Jay Nordlinger had a spectacular Impromptus column a week ago (June 13. In one piece of it, he related something he saw at the “Davos in the Desert” conference not long ago:

Well, at this conference, I witnessed a spectacular outburst from a Palestinian journalist, directed at an Iranian official. The Palestinian pointed out that Iran was acting as the enemy of the Arabs, sowing murder and chaos in Iraq, Lebanon, and the PA [the Palestinian Authority] — arming and training Iraqi militias, Hezbollah, and Hamas.
And what kind of murder and chaos is Iran sowing? And how effective is Iran being at their chosen method of warfare? Nordlinger quotes from an article by Victor Davis Hanson:
not only can “a suicide bomber with a $100 vest” destroy “$1 million worth of electrical infrastructure.” In a “gruesome equation,” he can “cast the American engineers into the role of the incompetent or sinister by their failure to repair and rebuild faster than an illiterate can destroy.”
And that, in a nutshell, is the problem we face in asymmetrical warfare — especially when major elements of our own population refuse to recognize we're in a war at all.

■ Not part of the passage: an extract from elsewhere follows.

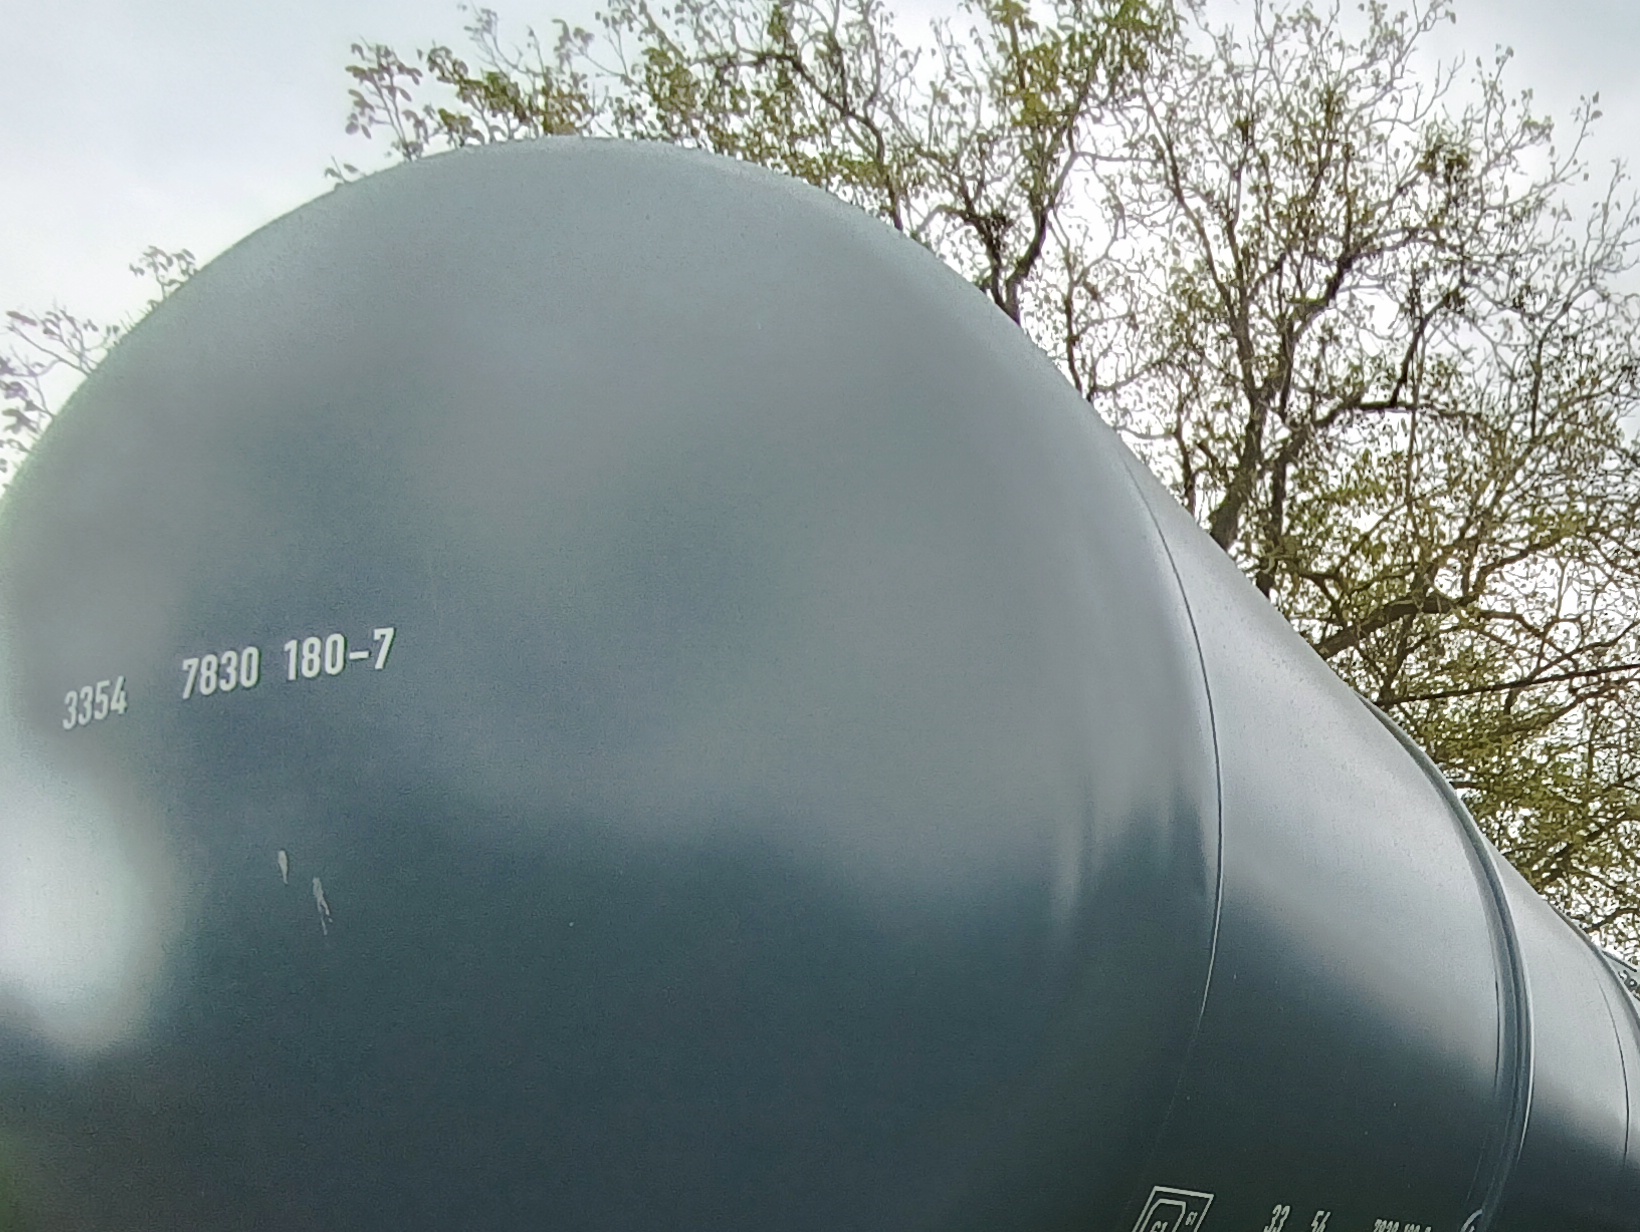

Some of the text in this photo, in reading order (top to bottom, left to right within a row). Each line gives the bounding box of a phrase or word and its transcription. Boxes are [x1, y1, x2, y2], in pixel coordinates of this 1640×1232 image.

[62, 626, 397, 731] 3354 7830 180-7

Nordlinger provides a fitting summation: “It is worth bearing in mind: Israel and the United States aren’t the only countries that fear and hate the Iranian regime. And those who fear and hate that regime the most, of course, are Iranian citizens themselves.”


Iran has declared war on us — the United States and the West. Can't we at least take them at their word on this?